L’inverno è dominato dal silenzio e dal colore bruno della terra a riposo, nei mesi più freddi spesso striato dal bianco della brina o della neve e avvolto dal grigio argenteo della nebbia. In primavera, il risveglio delle risaie è brillante e cristallino, come l’acqua che le sommerge e le trasforma in un’immensa scacchiera di specchi che riflettono l’intero ambiente circostante, dalle nuvole, ai monti, agli alberi, al più piccolo filo d’erba. D’estate il riso che cresce è di un verde carico e acceso che dà forza ed energia al panorama e ben si sposa con l’azzurro del cielo e le vaporose nubi estive. In autunno, il riso ormai maturo si trasforma in oro e, prima di essere raccolto, dona al panorama tonalità calde e magiche.
Anche se il ciclo del lavoro della risaia è oggi completamente meccanizzato, l’ambiente conserva ancora il fascino dei tempi antichi, un fascino che è ancora possibile ritrovare nell’intramontabile film Riso Amaro di Giuseppe De Santis che ha voluto come set per il suo capolavoro la cascina Veneria di Lignana.
Le Piane del Riso rappresentano un patrimonio storico, culturale e territoriale unico in Europa, da tutelare e valorizzare, per questo è nata l’Accademia del Riso, un’associazione senza scopo di lucro, promossa dall’ASCOM di Vercelli, che riunisce gli operatori del comparto enogastronomico vercellese e dell’intera filiera del riso con lo scopo comune di riqualificare e promuovere la ristorazione, le tradizioni enogastronomiche e le risorse turistico-culturali del territorio

Varietà di riso vercellese
Nel Vercellese si coltivano oltre 100 varietà di riso; tra queste va annoverato il Riso di Baraggia Biellese e Vercellese, prima e unica D.O.P. (Denominazione di Origine Protetta” italiana nel settore del riso dal 2007.
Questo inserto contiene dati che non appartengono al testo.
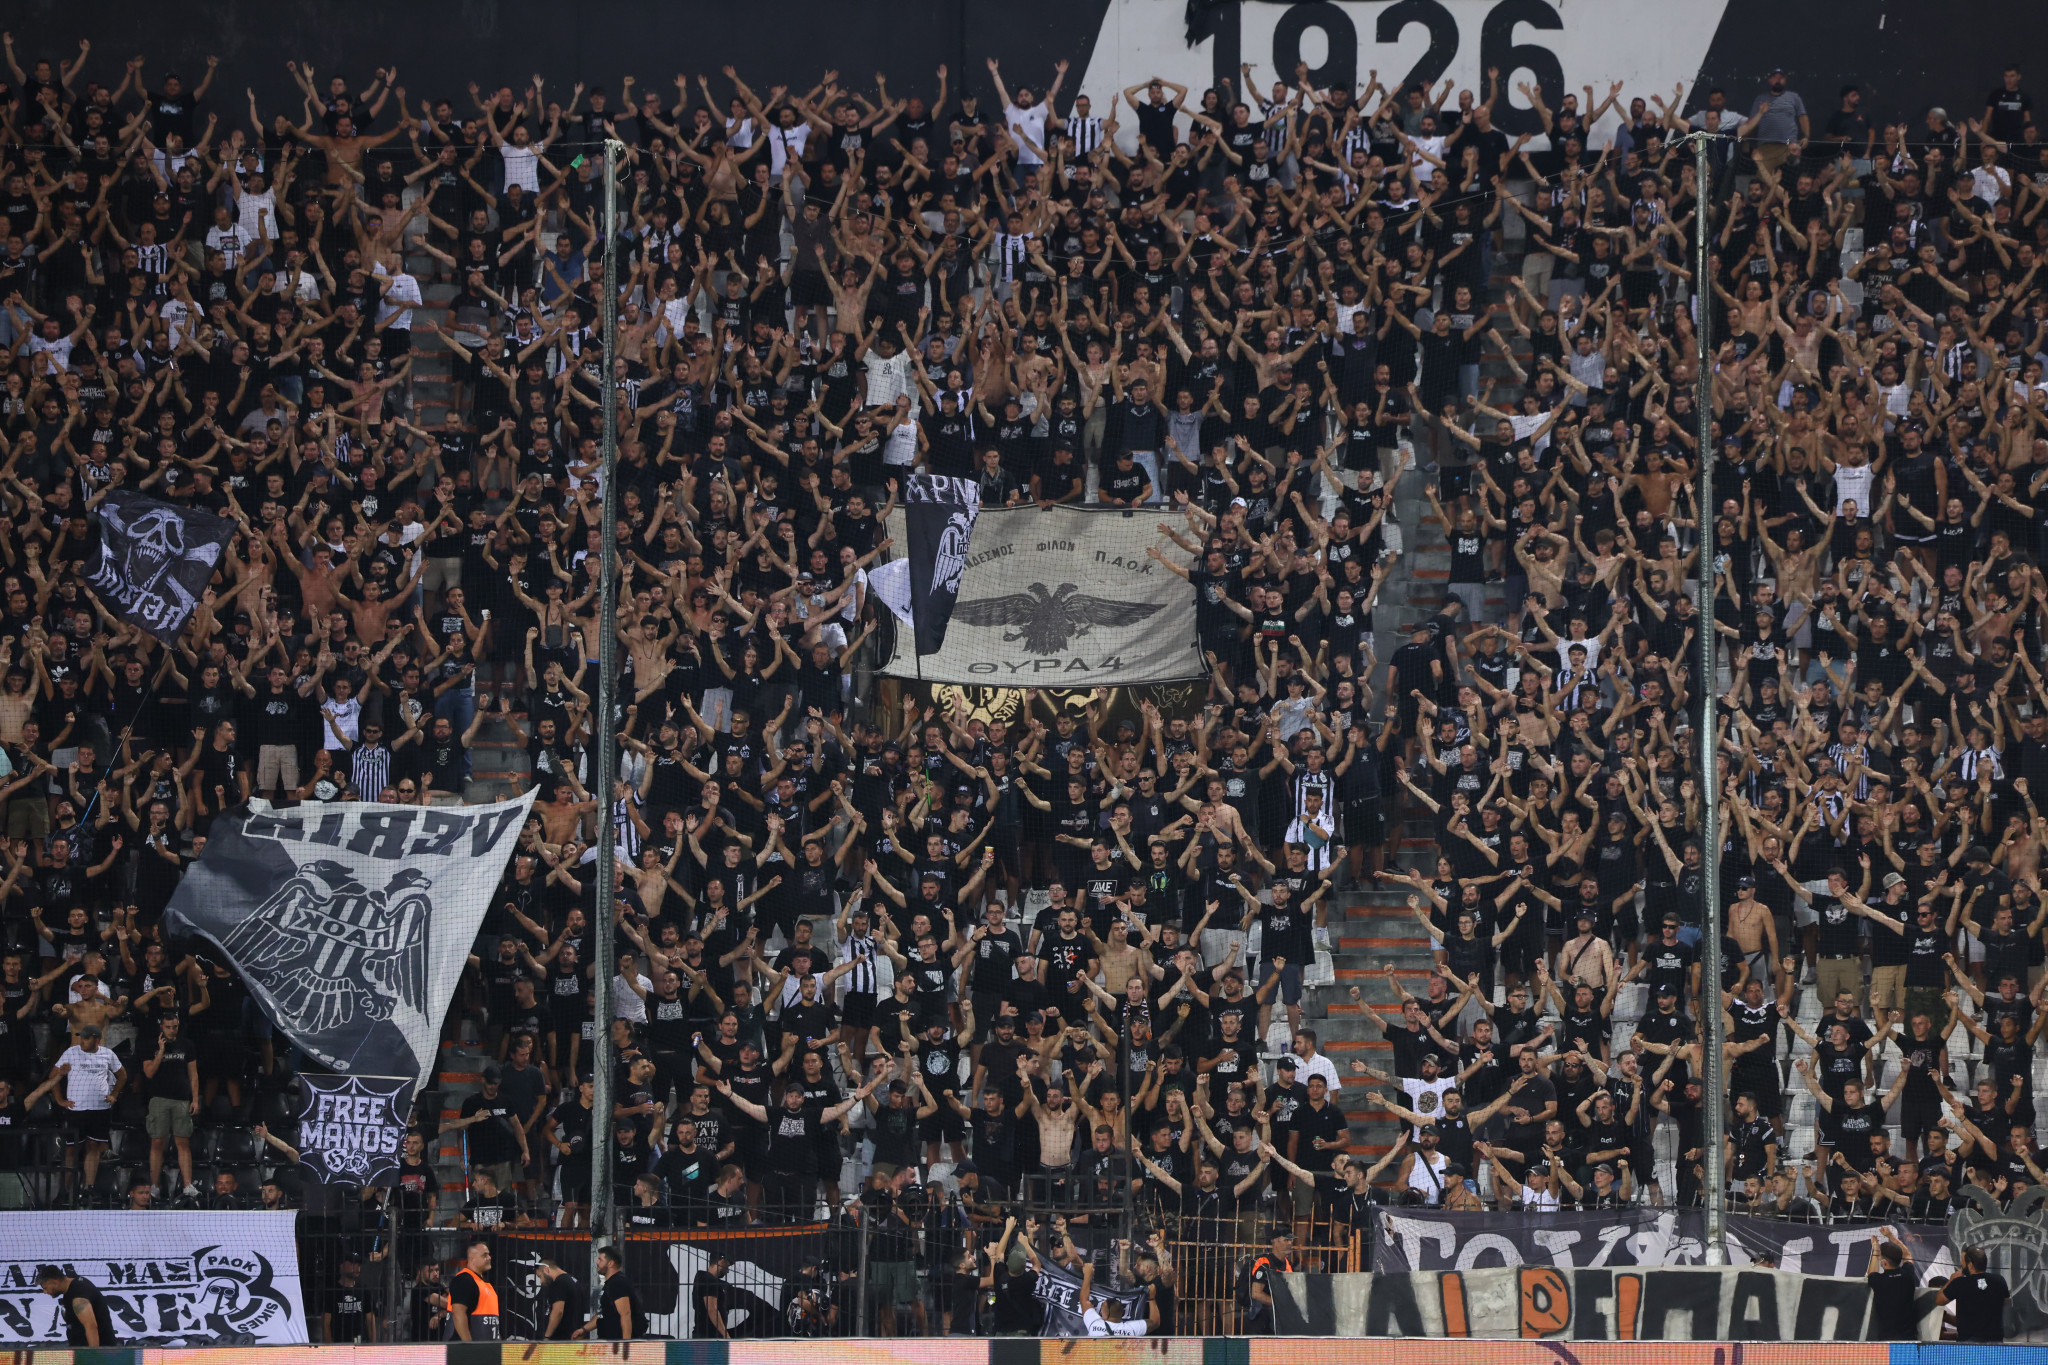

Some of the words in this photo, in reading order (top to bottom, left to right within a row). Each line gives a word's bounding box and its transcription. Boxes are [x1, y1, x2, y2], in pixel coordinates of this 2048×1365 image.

[1186, 0, 1565, 137] 1926
[1037, 539, 1075, 552] ΦΙΛΩΝ
[507, 576, 529, 589] HGO
[968, 657, 1091, 674] ΘΥΡΑ
[1098, 657, 1124, 670] 4
[318, 1094, 388, 1126] FREE
[300, 1123, 399, 1155] MANOS
[207, 1256, 258, 1272] PAOK
[1034, 1274, 1075, 1309] REE
[237, 1302, 279, 1333] SIKIES
Baldo: varietà "giovane” derivante dall’Arborio, è un riso superfino di grande qualità e dalla straordinaria resa gastronomica. Ricco di amido, ha chicchi grandi che tengono molto bene qualsiasi tipo di cottura.
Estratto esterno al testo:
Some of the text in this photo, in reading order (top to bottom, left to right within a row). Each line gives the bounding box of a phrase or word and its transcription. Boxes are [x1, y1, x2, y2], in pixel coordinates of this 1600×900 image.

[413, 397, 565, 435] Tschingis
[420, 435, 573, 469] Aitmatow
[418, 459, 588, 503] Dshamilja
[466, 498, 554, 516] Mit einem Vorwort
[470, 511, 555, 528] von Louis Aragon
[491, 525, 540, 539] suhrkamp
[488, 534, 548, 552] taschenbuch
Arborio: è un riso storico di enorme successo che prende il nome dall’omonimo paese in provincia di Vercelli. Ha i chicchi più grandi tra tutte le varietà italiane, ma che cucinano in modo uniforme mantenendo al dente il nucleo centrale.

Nuovo Maratelli: tornato a essere prodotto dopo anni di abbandono, è sicuramente uno dei risi che ha fatto la storia della risicoltura. Il chicco si presenta di forma tondeggiante ed è adatto a un tipo di cucina "ruspante” e per semplici e gustosi risottini a base di erbette e aromi

Sant’Andrea: tipico della Baraggia(la zona più a nord della piana vercellese, un tempo brughiera selvaggia e ora Riserva naturale che tutela un ambiente particolare e una terra ricca di pievi e castelli). Ha una struttura compatta e chicchi semiaffusolati. La versatilità di questo riso lo rende indicato per minestre, risi "all’inglese” crocchette, frittelle o torte di riso, ma anche semplicemente per essere bollito e consumato come contorno al posto del pane o delle patate

Carnaroli:tra le grandi varietà di riso superfini, questa è quella prediletta dalla grande cucina per il suo elevato livello qualitativo. Particolarmente consistente, tiene bene la cottura e ha grande capacità di assorbimento. Questa caratteristica lo rende ideale per risotti ben sgranati, per insalate di riso e per piatti dell’alta gastronomia.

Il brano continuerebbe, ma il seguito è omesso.